[[ SUPPLIED ENTRIES, beginning ]]

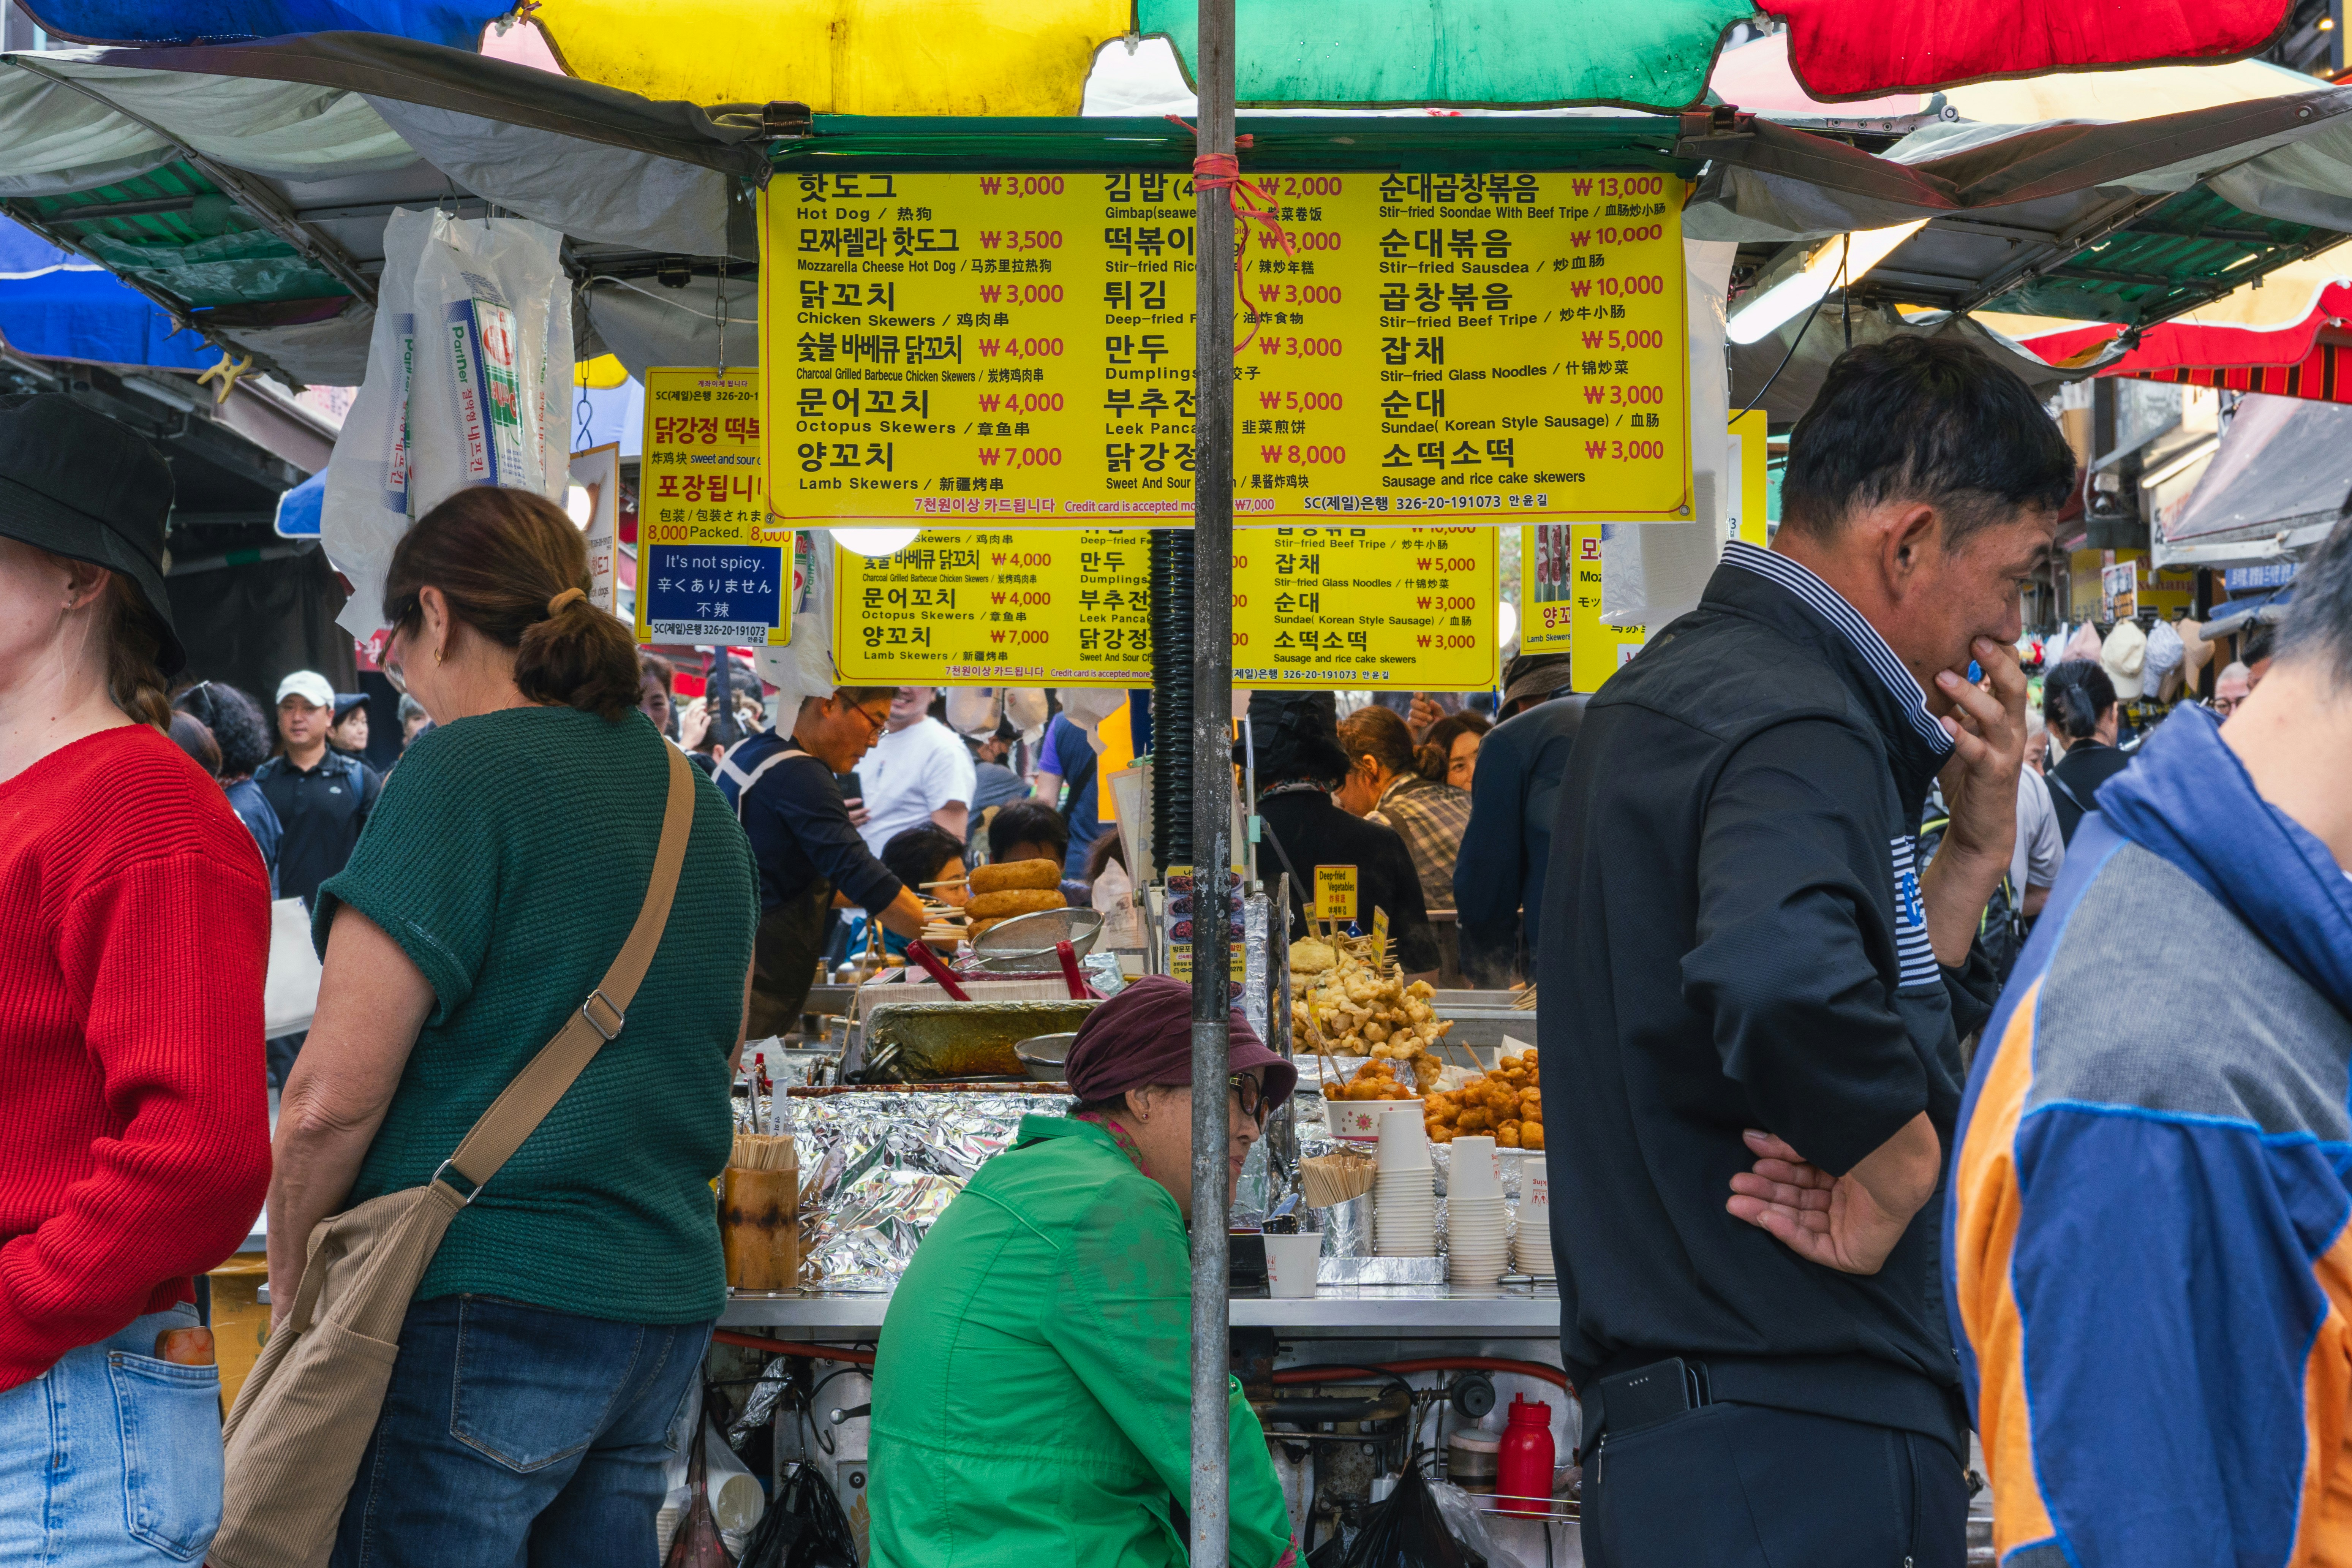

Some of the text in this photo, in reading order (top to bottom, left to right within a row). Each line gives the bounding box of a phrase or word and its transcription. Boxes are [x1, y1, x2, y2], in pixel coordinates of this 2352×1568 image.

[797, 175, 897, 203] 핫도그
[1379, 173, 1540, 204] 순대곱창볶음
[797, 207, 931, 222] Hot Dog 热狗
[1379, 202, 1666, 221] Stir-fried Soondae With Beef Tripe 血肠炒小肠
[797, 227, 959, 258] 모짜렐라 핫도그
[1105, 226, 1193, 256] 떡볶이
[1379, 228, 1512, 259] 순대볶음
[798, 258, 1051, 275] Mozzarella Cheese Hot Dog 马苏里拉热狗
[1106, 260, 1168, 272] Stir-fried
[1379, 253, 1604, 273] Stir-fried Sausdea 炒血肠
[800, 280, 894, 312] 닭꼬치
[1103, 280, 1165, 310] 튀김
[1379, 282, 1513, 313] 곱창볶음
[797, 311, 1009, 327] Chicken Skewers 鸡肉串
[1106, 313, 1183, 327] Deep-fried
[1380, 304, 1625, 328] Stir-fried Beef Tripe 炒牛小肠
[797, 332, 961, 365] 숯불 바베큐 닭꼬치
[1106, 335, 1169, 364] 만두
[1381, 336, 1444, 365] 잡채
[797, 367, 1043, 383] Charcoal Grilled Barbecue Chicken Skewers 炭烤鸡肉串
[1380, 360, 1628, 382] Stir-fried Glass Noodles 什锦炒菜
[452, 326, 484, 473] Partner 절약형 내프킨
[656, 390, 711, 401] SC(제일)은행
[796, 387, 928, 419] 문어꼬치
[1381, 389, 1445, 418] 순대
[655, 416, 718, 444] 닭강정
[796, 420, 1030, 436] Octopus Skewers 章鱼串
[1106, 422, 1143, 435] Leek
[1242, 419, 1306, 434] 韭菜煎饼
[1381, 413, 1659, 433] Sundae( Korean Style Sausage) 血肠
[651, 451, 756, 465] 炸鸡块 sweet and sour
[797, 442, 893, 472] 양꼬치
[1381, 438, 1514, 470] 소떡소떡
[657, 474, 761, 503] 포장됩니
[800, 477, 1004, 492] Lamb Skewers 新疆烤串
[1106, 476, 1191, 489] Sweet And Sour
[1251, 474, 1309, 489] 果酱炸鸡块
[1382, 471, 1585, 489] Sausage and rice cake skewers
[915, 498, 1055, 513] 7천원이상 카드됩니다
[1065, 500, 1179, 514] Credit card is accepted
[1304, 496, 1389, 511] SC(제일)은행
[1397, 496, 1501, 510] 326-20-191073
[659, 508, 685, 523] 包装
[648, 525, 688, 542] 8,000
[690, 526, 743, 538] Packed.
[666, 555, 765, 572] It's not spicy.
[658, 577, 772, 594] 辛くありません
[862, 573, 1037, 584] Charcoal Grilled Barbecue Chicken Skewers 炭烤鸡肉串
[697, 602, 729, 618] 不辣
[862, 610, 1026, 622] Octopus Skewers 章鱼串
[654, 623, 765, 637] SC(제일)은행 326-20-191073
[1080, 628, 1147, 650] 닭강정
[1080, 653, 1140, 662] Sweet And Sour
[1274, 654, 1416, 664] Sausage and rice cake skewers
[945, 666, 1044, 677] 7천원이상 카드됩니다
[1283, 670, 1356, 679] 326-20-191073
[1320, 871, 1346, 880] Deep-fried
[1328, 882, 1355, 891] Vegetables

[[ SUPPLIED ENTRIES, end ]]

The entire listing above, minus its pictures, should be copied out exactly.

- [PROBLEM SOLUTION]
Some of the text in this photo, in reading order (top to bottom, left to right within a row). Each line gives the bounding box of a phrase or word and its transcription. Boxes are [x1, y1, x2, y2], in pixel coordinates of this 2352×1568 image.

[797, 175, 897, 203] 핫도그
[1379, 173, 1540, 204] 순대곱창볶음
[797, 207, 931, 222] Hot Dog 热狗
[1379, 202, 1666, 221] Stir-fried Soondae With Beef Tripe 血肠炒小肠
[797, 227, 959, 258] 모짜렐라 핫도그
[1105, 226, 1193, 256] 떡볶이
[1379, 228, 1512, 259] 순대볶음
[798, 258, 1051, 275] Mozzarella Cheese Hot Dog 马苏里拉热狗
[1106, 260, 1168, 272] Stir-fried
[1379, 253, 1604, 273] Stir-fried Sausdea 炒血肠
[800, 280, 894, 312] 닭꼬치
[1103, 280, 1165, 310] 튀김
[1379, 282, 1513, 313] 곱창볶음
[797, 311, 1009, 327] Chicken Skewers 鸡肉串
[1106, 313, 1183, 327] Deep-fried
[1380, 304, 1625, 328] Stir-fried Beef Tripe 炒牛小肠
[797, 332, 961, 365] 숯불 바베큐 닭꼬치
[1106, 335, 1169, 364] 만두
[1381, 336, 1444, 365] 잡채
[797, 367, 1043, 383] Charcoal Grilled Barbecue Chicken Skewers 炭烤鸡肉串
[1380, 360, 1628, 382] Stir-fried Glass Noodles 什锦炒菜
[452, 326, 484, 473] Partner 절약형 내프킨
[656, 390, 711, 401] SC(제일)은행
[796, 387, 928, 419] 문어꼬치
[1381, 389, 1445, 418] 순대
[655, 416, 718, 444] 닭강정
[796, 420, 1030, 436] Octopus Skewers 章鱼串
[1106, 422, 1143, 435] Leek
[1242, 419, 1306, 434] 韭菜煎饼
[1381, 413, 1659, 433] Sundae( Korean Style Sausage) 血肠
[651, 451, 756, 465] 炸鸡块 sweet and sour
[797, 442, 893, 472] 양꼬치
[1381, 438, 1514, 470] 소떡소떡
[657, 474, 761, 503] 포장됩니
[800, 477, 1004, 492] Lamb Skewers 新疆烤串
[1106, 476, 1191, 489] Sweet And Sour
[1251, 474, 1309, 489] 果酱炸鸡块
[1382, 471, 1585, 489] Sausage and rice cake skewers
[915, 498, 1055, 513] 7천원이상 카드됩니다
[1065, 500, 1179, 514] Credit card is accepted
[1304, 496, 1389, 511] SC(제일)은행
[1397, 496, 1501, 510] 326-20-191073
[659, 508, 685, 523] 包装
[648, 525, 688, 542] 8,000
[690, 526, 743, 538] Packed.
[666, 555, 765, 572] It's not spicy.
[658, 577, 772, 594] 辛くありません
[862, 573, 1037, 584] Charcoal Grilled Barbecue Chicken Skewers 炭烤鸡肉串
[697, 602, 729, 618] 不辣
[862, 610, 1026, 622] Octopus Skewers 章鱼串
[654, 623, 765, 637] SC(제일)은행 326-20-191073
[1080, 628, 1147, 650] 닭강정
[1080, 653, 1140, 662] Sweet And Sour
[1274, 654, 1416, 664] Sausage and rice cake skewers
[945, 666, 1044, 677] 7천원이상 카드됩니다
[1283, 670, 1356, 679] 326-20-191073
[1320, 871, 1346, 880] Deep-fried
[1328, 882, 1355, 891] Vegetables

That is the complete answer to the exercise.